Dose-Related Inflammatory Effects of Intravenous Endotoxin in Humans: Evaluation of a New Clinical Lot of Escherichia coli O:113 Endotoxin

• Published in: The Journal of infectious diseases Vol. 179; no. 5; pp. 1278 - 1282
• Main Authors: Suffredini, Anthony F., Hochstein, H. Donald, McMahon, F. Gilbert
• Format: Journal Article
• Language: English
• Published: Chicago, IL The University of Chicago Press 01.05.1999; University of Chicago Press; Oxford University Press
• Subjects: Adult; Bacterial diseases; Biological and medical sciences; Concise Communications; Cytokines; Cytokines - blood; Dosage; Dose response relationship; Dose-Response Relationship, Drug; Endotoxins; Endotoxins - administration & dosage; Endotoxins - toxicity; Escherichia coli; Evaluation Studies as Topic; Experimental bacterial diseases and models; Health care administration; Humans; Hydrocortisone - blood; Infectious diseases; Inflammation - immunology; Inflammation - pathology; Injections, Intravenous; Leukocyte Count; Leukocytes; Male; Medical sciences; Medication administration; Middle Aged; National Institutes of Health (U.S.); Neutrophils; Placebos; Reference Standards; United States; United States; Performance evaluation; Human; Immune response; Intravenous administration; Escherichia coli; Male; Host agent relation; Endotoxin; Biological activity; Dose activity relation; Infection; Toxin; Experimental disease; Bacteriosis; Bacteria; Enterobacteriaceae
• ISSN: 0022-1899; 1537-6613
• DOI: 10.1086/314717

The administration of reference endotoxin (Escherichia coli O:113, Lot EC-5) to humans has been an important means to study inflammation in vivo; however, the supply of Lot EC-5 is depleted.

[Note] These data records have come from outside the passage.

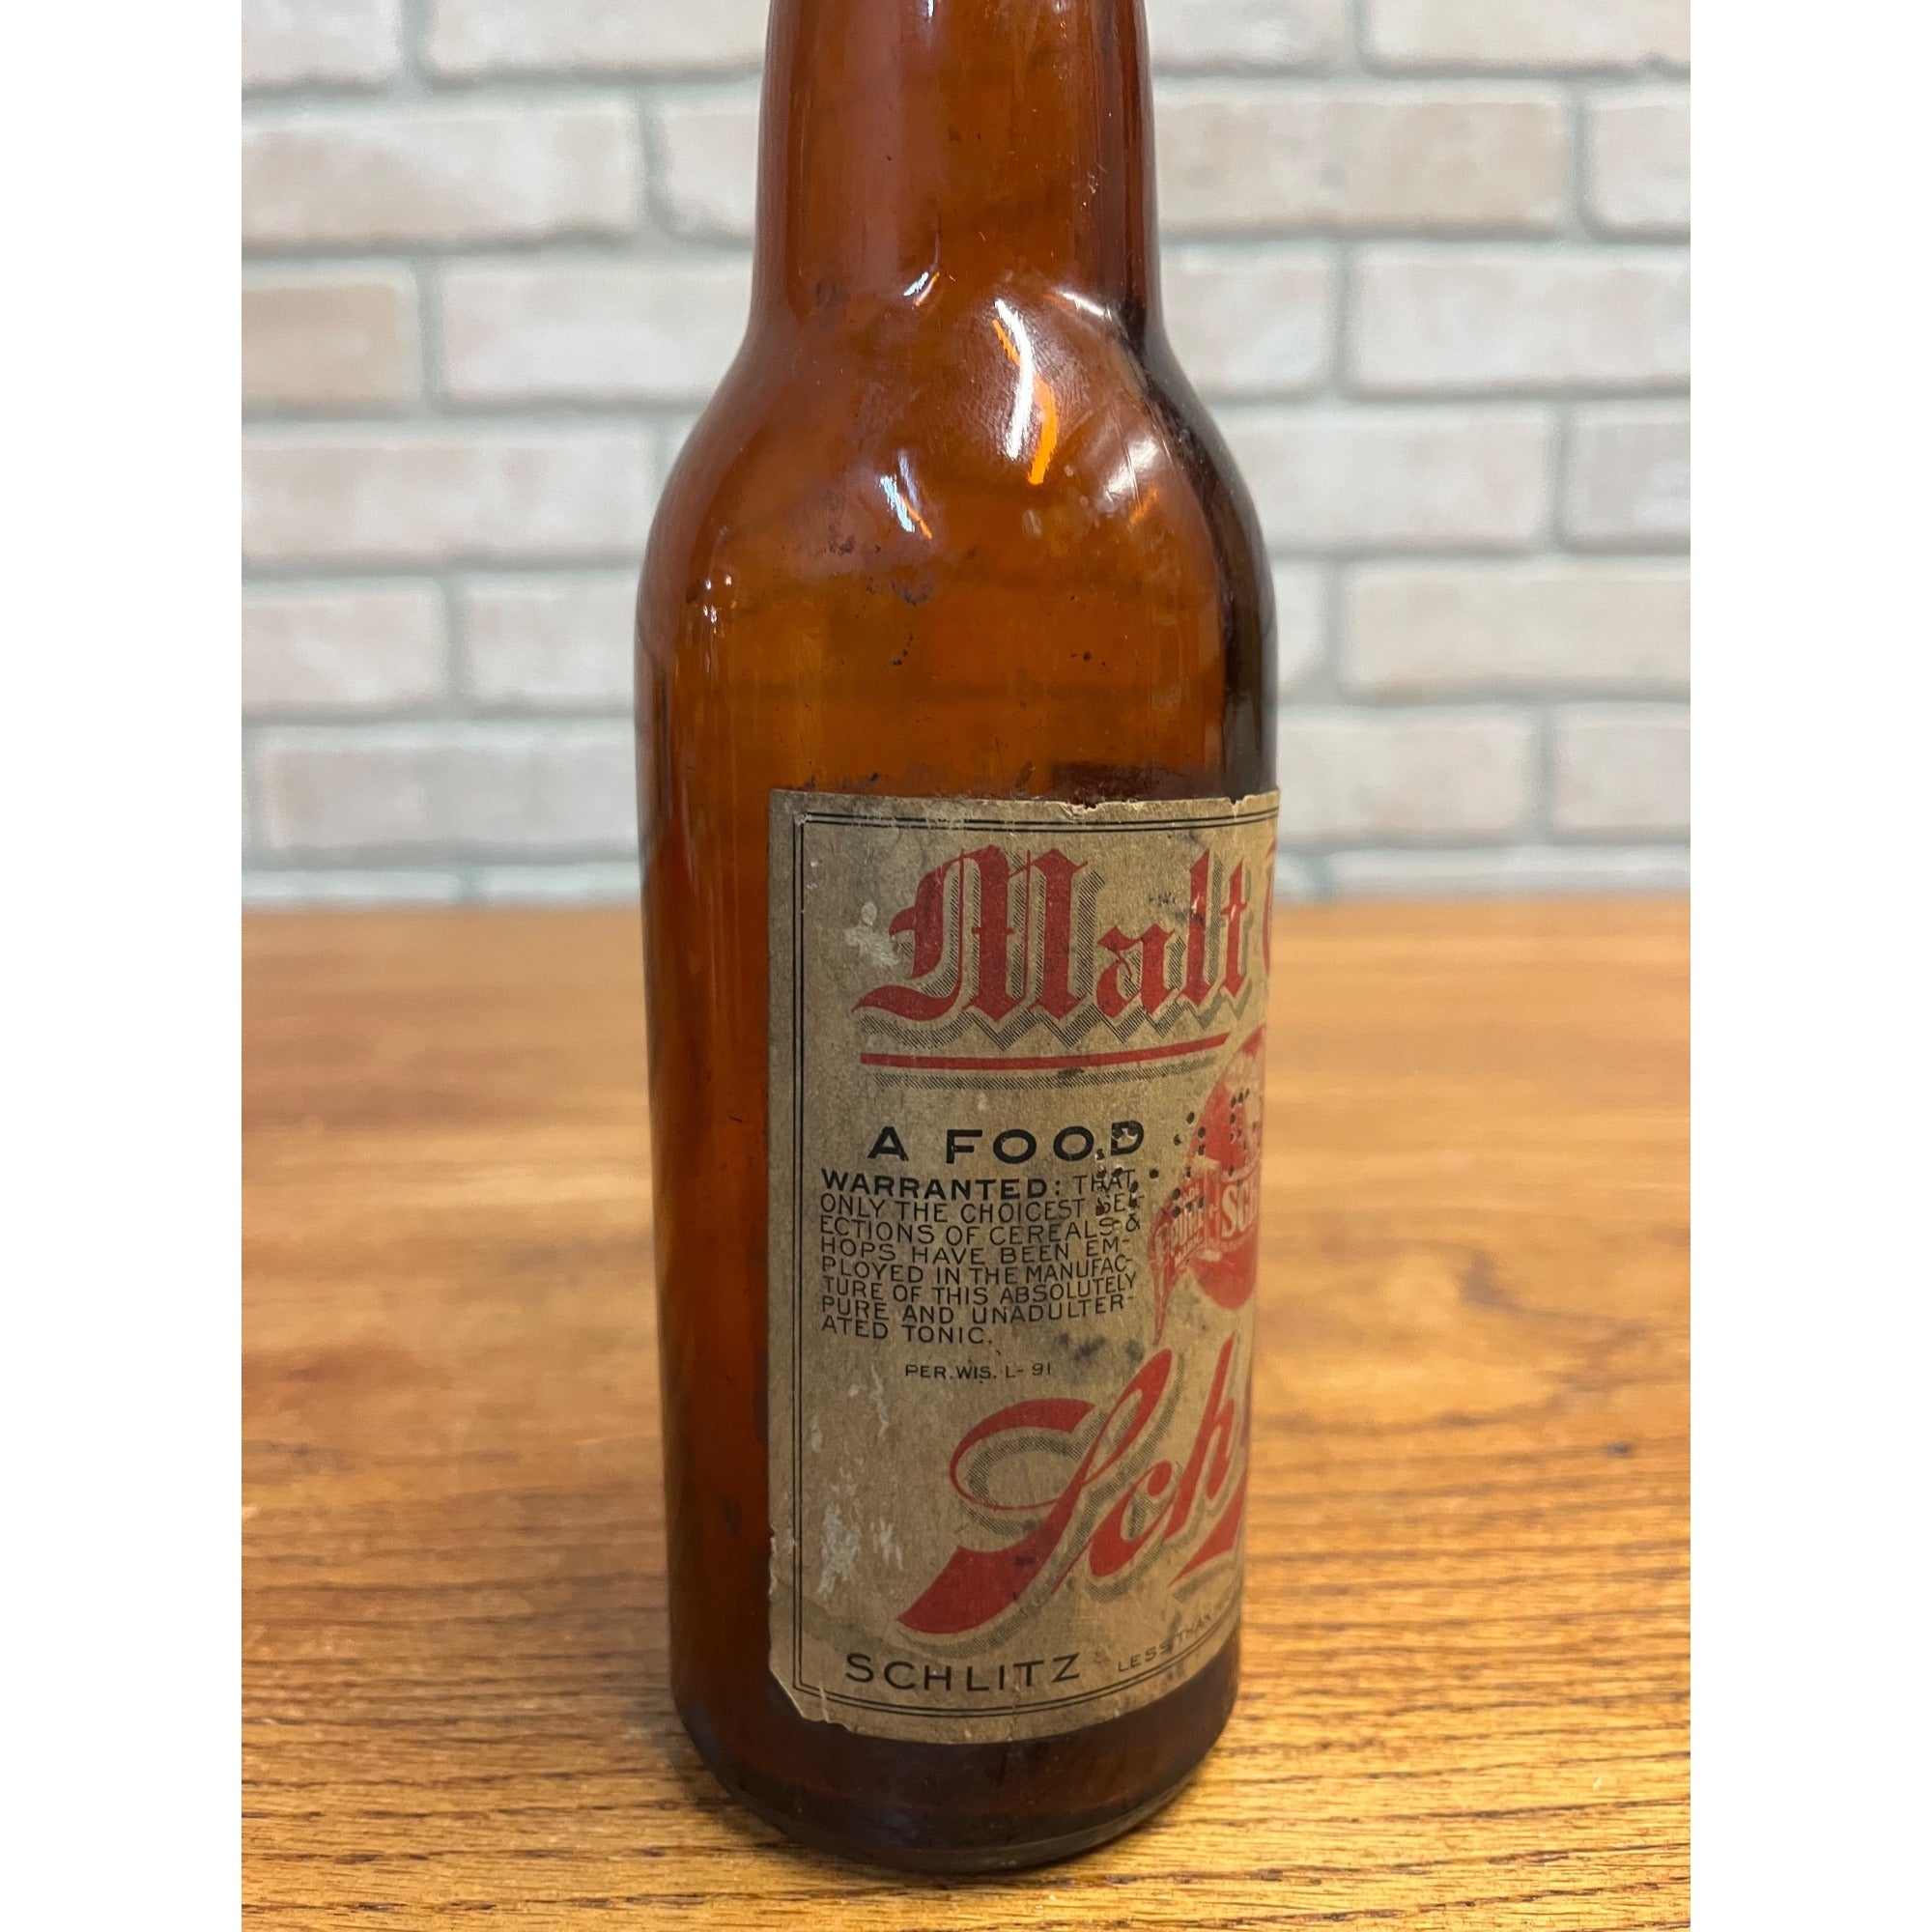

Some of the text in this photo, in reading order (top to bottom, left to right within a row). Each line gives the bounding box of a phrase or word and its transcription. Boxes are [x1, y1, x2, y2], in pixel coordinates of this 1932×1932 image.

[851, 843, 1249, 1022] Malt
[868, 1121, 1145, 1164] A FOOD
[821, 1168, 1060, 1201] WARRANTED:
[821, 1193, 885, 1218] ONLY
[895, 1201, 948, 1222] THE
[961, 1198, 1085, 1223] CHOICEST
[821, 1213, 1140, 1246] ECTIONS OF CEREALS &
[821, 1236, 1130, 1264] HOPS HAVE BEEN EM-
[822, 1254, 1132, 1285] PLOYED IN THE MANUFAC-
[823, 1271, 1136, 1305] TURE OF THIS ABSOLUTELY
[822, 1294, 1133, 1324] PURE AND UNADULTER-
[821, 1315, 992, 1344] ATED TONIC.
[896, 1331, 1248, 1634] Sch
[845, 1652, 1082, 1692] SCHLITZ
[1118, 1642, 1173, 1672] LESS

A new lot of reference endotoxin (Clinical Center reference endotoxin [CCRE]), derived from the original bulk material extracted from E. coli O:113, was processed. The effects of 0-, 1-, 2-, and 4-ng/kg doses of intravenous CCRE and EC-5 were studied in 20 male subjects. CCRE resulted in dose-related increases in symptoms, temperature (P = .016), total leukocyte count (P = .014), tumor necrosis factor—α (P = .004), interleukin (IL)—1 receptor antagonist (P = .004), IL-6 (P = .005), IL-8 (P = .011), cortisol(P < .05), and C-reactive protein (P = .04). These responses were attenuated (all P < .012) in subjects given Lot EC-5 (4 ng/kg) in comparison with those in subjects given CCRE, showing that, over several years, EC-5 had lost potency. Thus, in healthy subjects, the magnitude of exposure to CCRE results in a graded dose response of major components of innate immunity.